# Step 4: Exploratory Data Analysis

The goal of this step is to get an idea of the data set, what may be relevant, and where connections may be. So, as a beginning step, I will focus mostly on article counts and how they relate to race, topics, and census tracts. This will closely mimic what's currently being offered on the website.

In [176]:
import pandas as pd
import textwrap # for wrapping output text
from datetime import datetime # for converting and using dates
from dateutil import parser
import pytz

In [186]:
# Load geocoded articles
articles = pd.read_csv("../data/processed/gbh_geocoded_output.csv")

articles.head(3)

Unnamed: 0,Index,ID,Coordinates,Block,Census Tract,Neighborhood,County,Closest Topic,Publication Date
0,0,65adafef8d9d92f2327ea8ff,"[-71.0201972, 42.3665992]",1044,981300,East Boston,25,Weather,Mon Dec 18 12:34:19 EST 2023
1,1,65adafef8d9d92f2327ea923,"[-71.06939, 42.3561948]",1000,981700,Downtown,25,State Politics,Thu Nov 30 14:12:21 EST 2023
2,2,65adafef8d9d92f2327ea8fd,"[-71.148182, 42.357122]",2032,102,Allston,25,GBH,Mon Dec 18 16:00:52 EST 2023


In [187]:
# Currently, not all census tracts are related to a neighborhood. So, there are some NaN values in the neighborhood column.
# Only Suffolk County (25) has tracked neighborhoods.
articles.notna().sum()

Index               1056
ID                  1056
Coordinates         1056
Block               1056
Census Tract        1056
Neighborhood         925
County              1056
Closest Topic       1056
Publication Date    1056
dtype: int64

In [256]:
# Drop rows without neighborhoods. Later on this will not be needed.
articles.dropna(subset=["Neighborhood"], inplace=True)
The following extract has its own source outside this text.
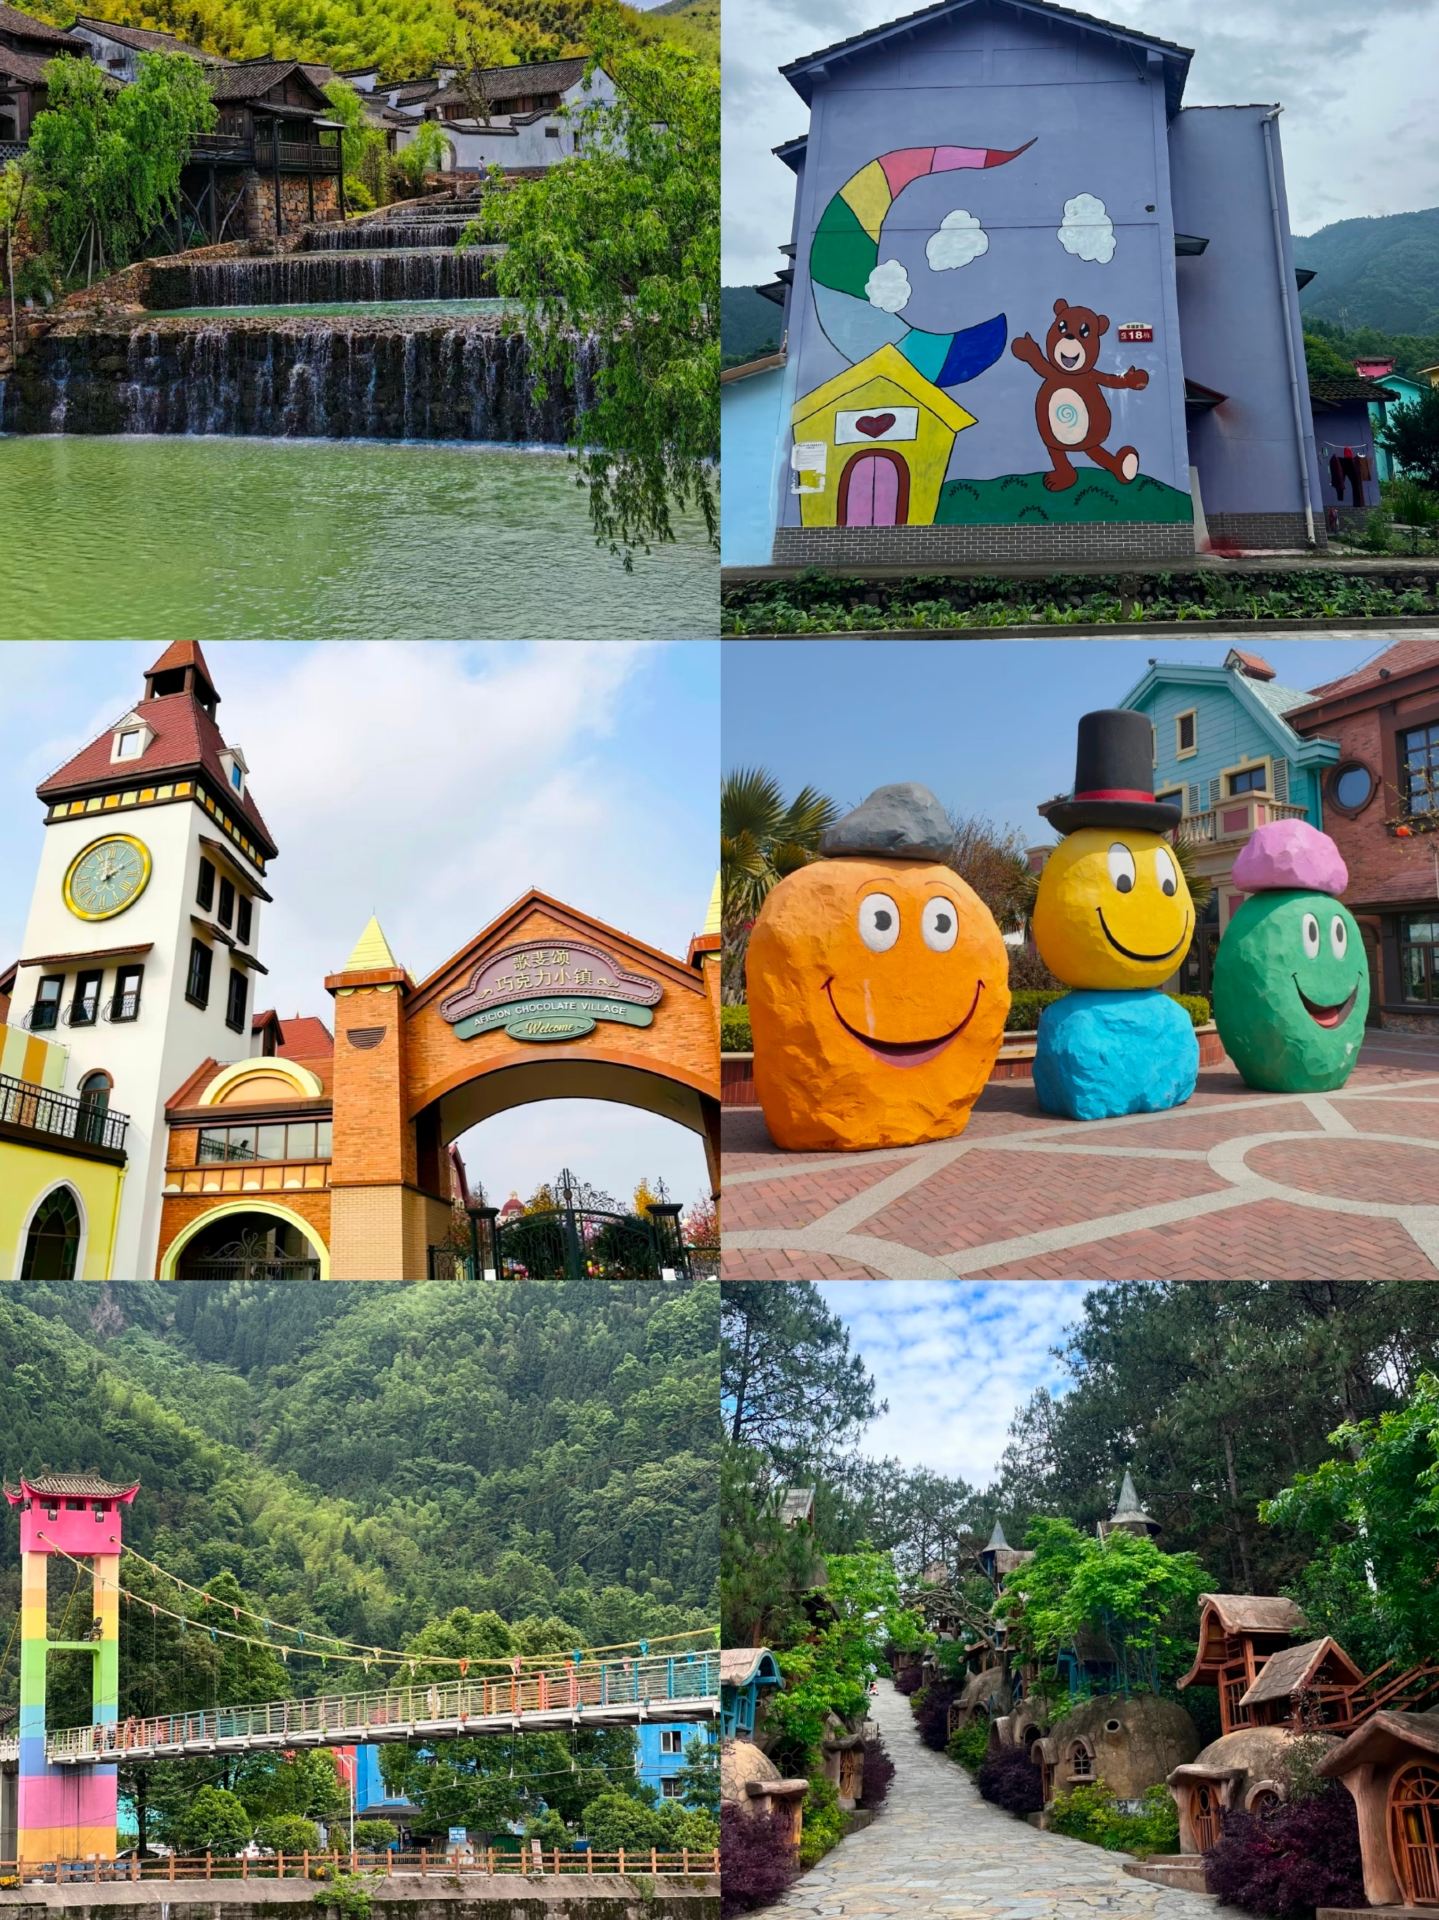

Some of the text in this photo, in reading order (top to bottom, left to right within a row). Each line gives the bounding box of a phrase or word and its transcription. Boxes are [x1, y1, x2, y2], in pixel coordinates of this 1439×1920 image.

[513, 949, 571, 970] 歌斐颂
[495, 967, 593, 992] 巧克力小镇
[474, 1001, 627, 1027] AFICION CHOCOLATE VILLAGE
[524, 1022, 575, 1035] Welcome
First I will parse by dates so that all following functions can have that applied as well.

In [189]:
# Dictionary to map timezone names to pytz time zones
tzinfos = {
    'EST': pytz.timezone('US/Eastern'),
    'EDT': pytz.timezone('US/Eastern')
}

# Function to convert date strings to datetime objects
def convert_to_datetime(date_str):
    return parser.parse(date_str, tzinfos=tzinfos)

In [190]:
# Apply the conversion function to the 'Publication Date' column
articles['Publication Date'] = articles['Publication Date'].apply(convert_to_datetime)
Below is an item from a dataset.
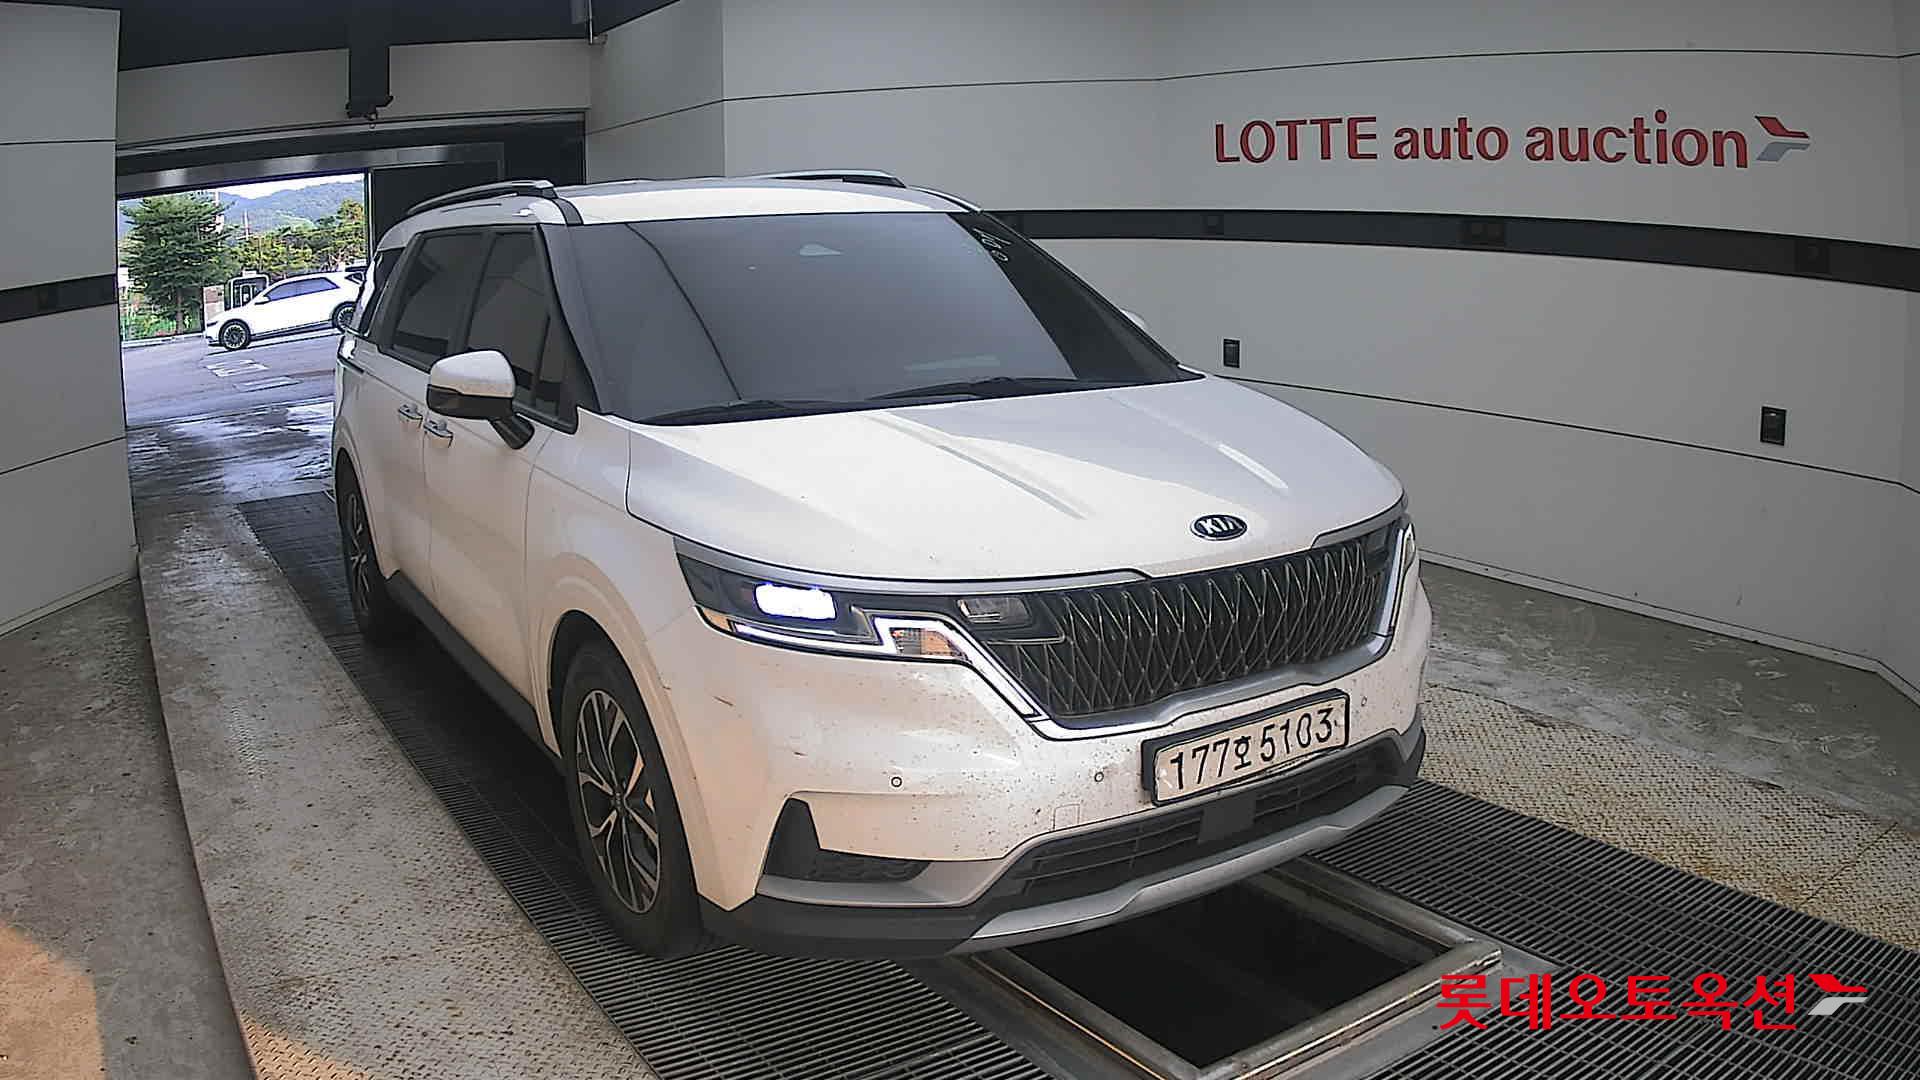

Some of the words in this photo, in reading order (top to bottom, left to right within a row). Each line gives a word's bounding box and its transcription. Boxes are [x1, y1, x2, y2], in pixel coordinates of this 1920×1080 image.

[1215, 116, 1377, 164] LOTTE
[1392, 118, 1509, 161] auto
[1524, 109, 1748, 168] auction
[1199, 516, 1243, 534] KIA
# Ensure the Publication Date column is timezone-aware
articles['Publication Date'] = articles['Publication Date'].dt.tz_convert(pytz.timezone('US/Eastern'))


In [240]:
# Define the date range (timezone-aware)
start_date = pytz.timezone('US/Eastern').localize(datetime(2023, 12, 18))
end_date = pytz.timezone('US/Eastern').localize(datetime(2023, 12, 18))
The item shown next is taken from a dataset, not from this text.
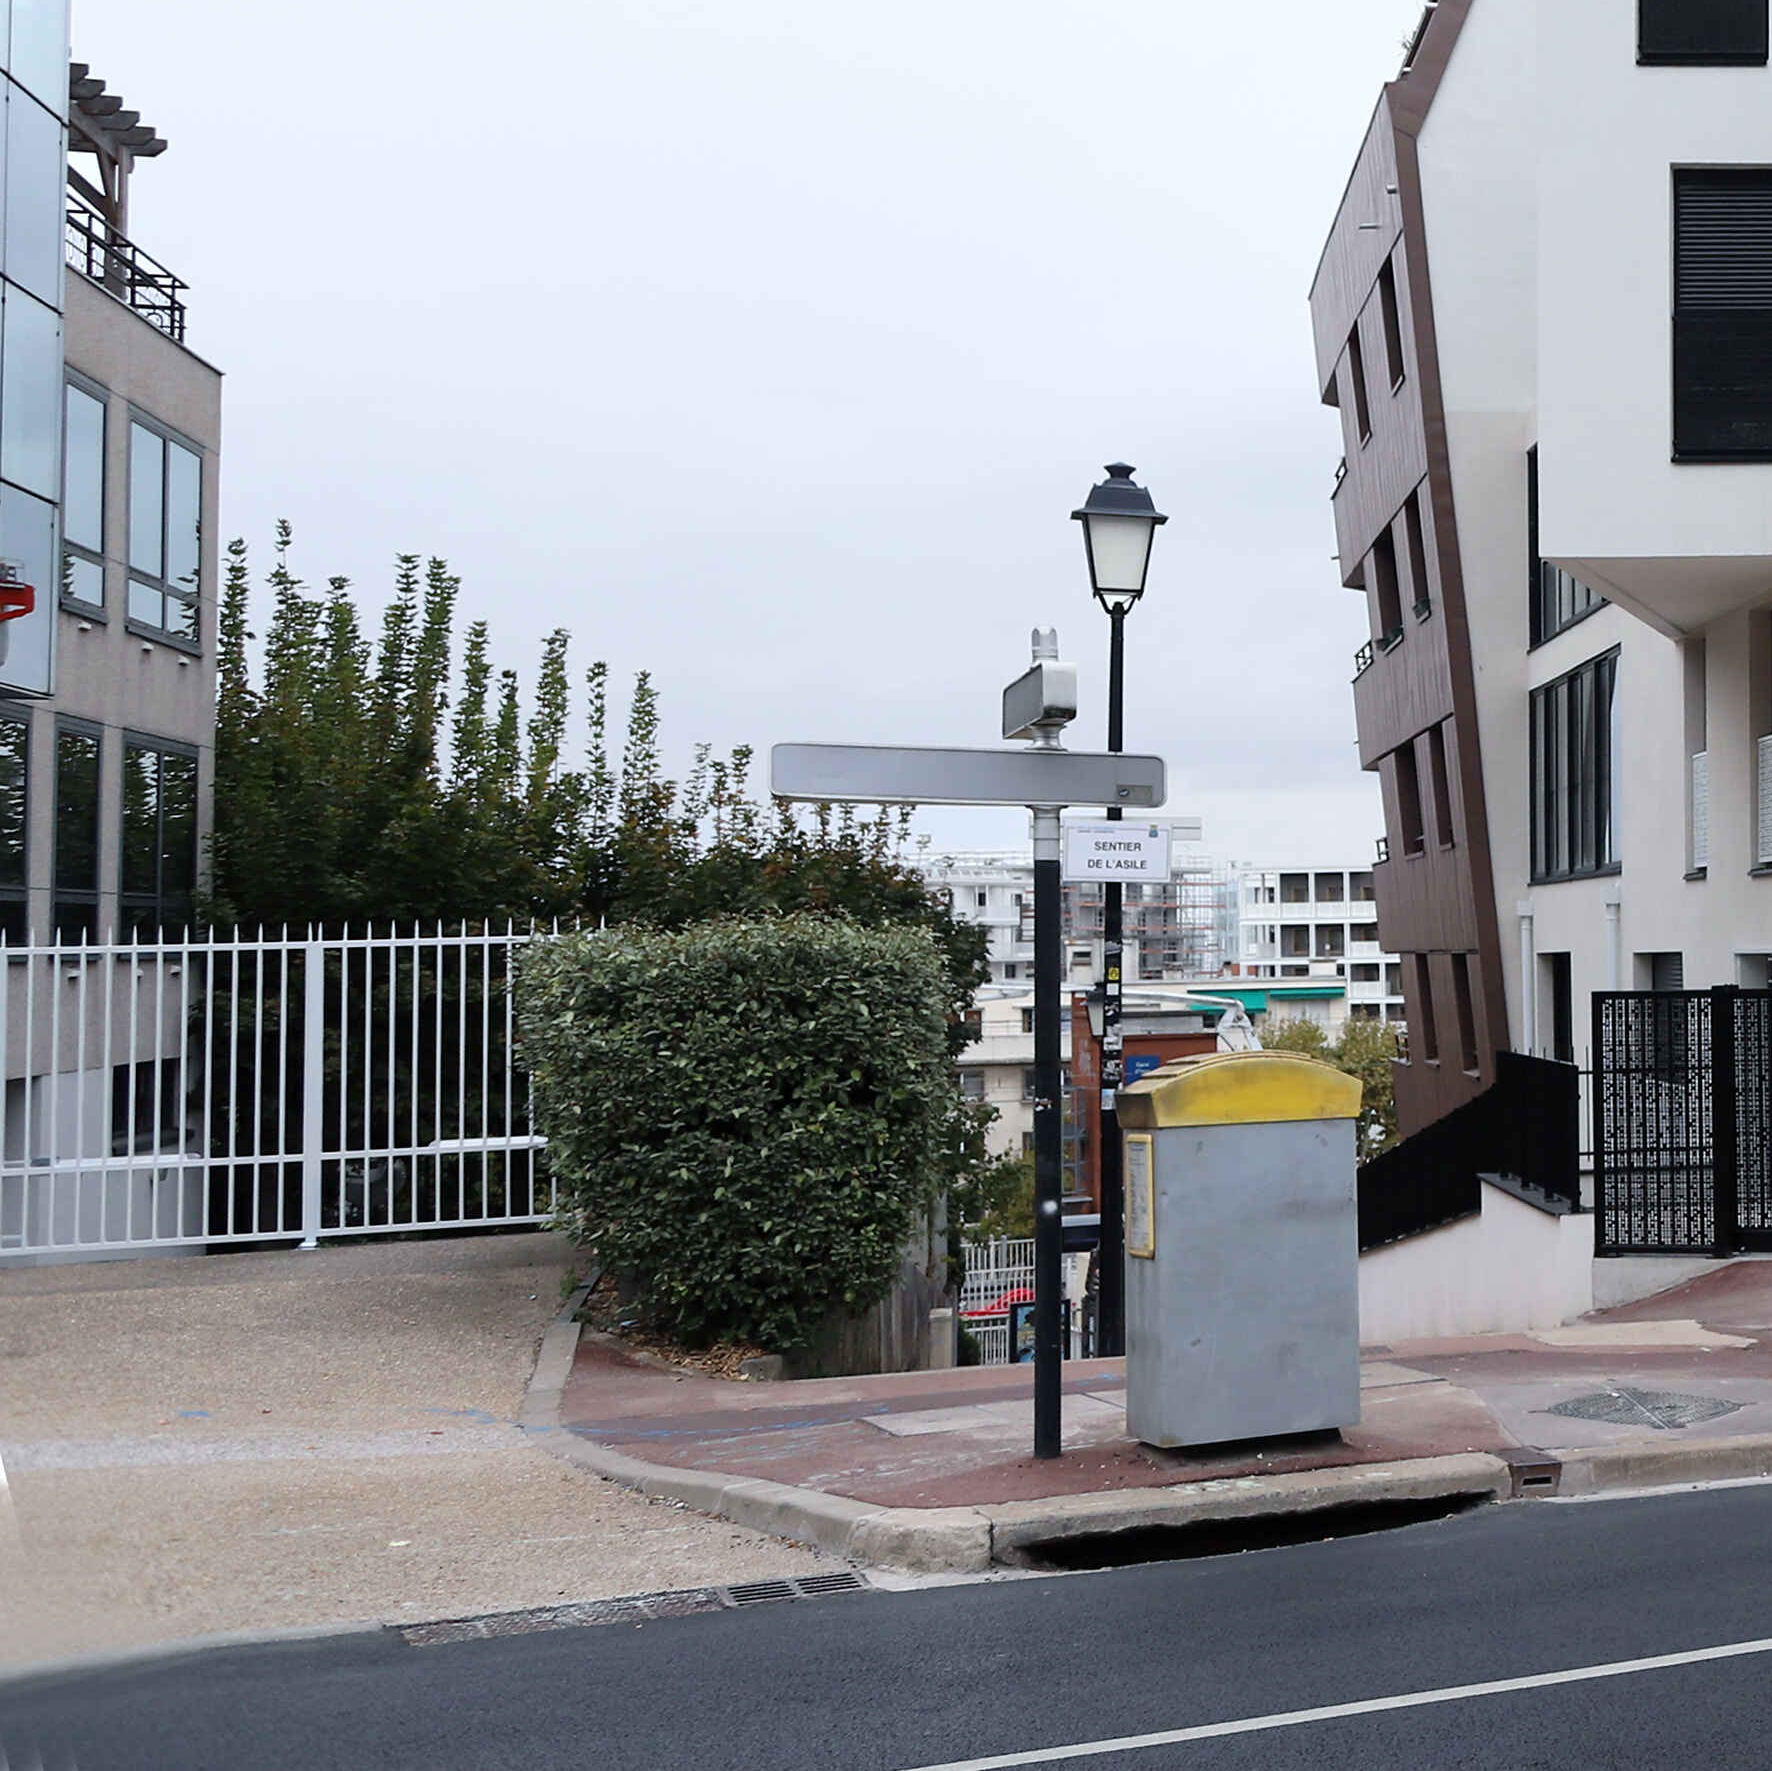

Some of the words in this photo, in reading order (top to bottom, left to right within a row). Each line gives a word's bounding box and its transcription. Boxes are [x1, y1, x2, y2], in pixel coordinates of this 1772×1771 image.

[1094, 841, 1142, 852] SENTIER
[1087, 859, 1102, 869] DE
[1105, 859, 1147, 869] L'ASILE
# Filter the DataFrame for the date range
filtered_articles = articles[(articles['Publication Date'] >= start_date) & (articles['Publication Date'] <= end_date)]

print(f"Using articles from {start_date.date()} to {end_date.date()}")

Using articles from 2023-12-18 to 2023-12-18


In [193]:
# If we don't want the to use the filtered by date data, skip this step
all_articles = articles.copy()
articles = filtered_articles

In [195]:
# If want to use all articles again, use this step
articles = all_articles.copy()

We can now begin doing some basic analysis

In [197]:
# Get the total count of articles

total_articles = articles["ID"].count()
print(f"Total articles: {total_articles}")

Total articles: 925


In [198]:
# Function to get the top 5 category based on amount of articles
def get_article_count(data, column):
    count = data[column].value_counts()
    top_count = count.head(5)
    top_count_df = top_count.reset_index()
    top_count_df.columns = [column, "Article Count"]

    return top_count_df

In [199]:
# Get the count of articles for a given category
def get_specific_count(data, column, category):
    return len(data[data[column] == category])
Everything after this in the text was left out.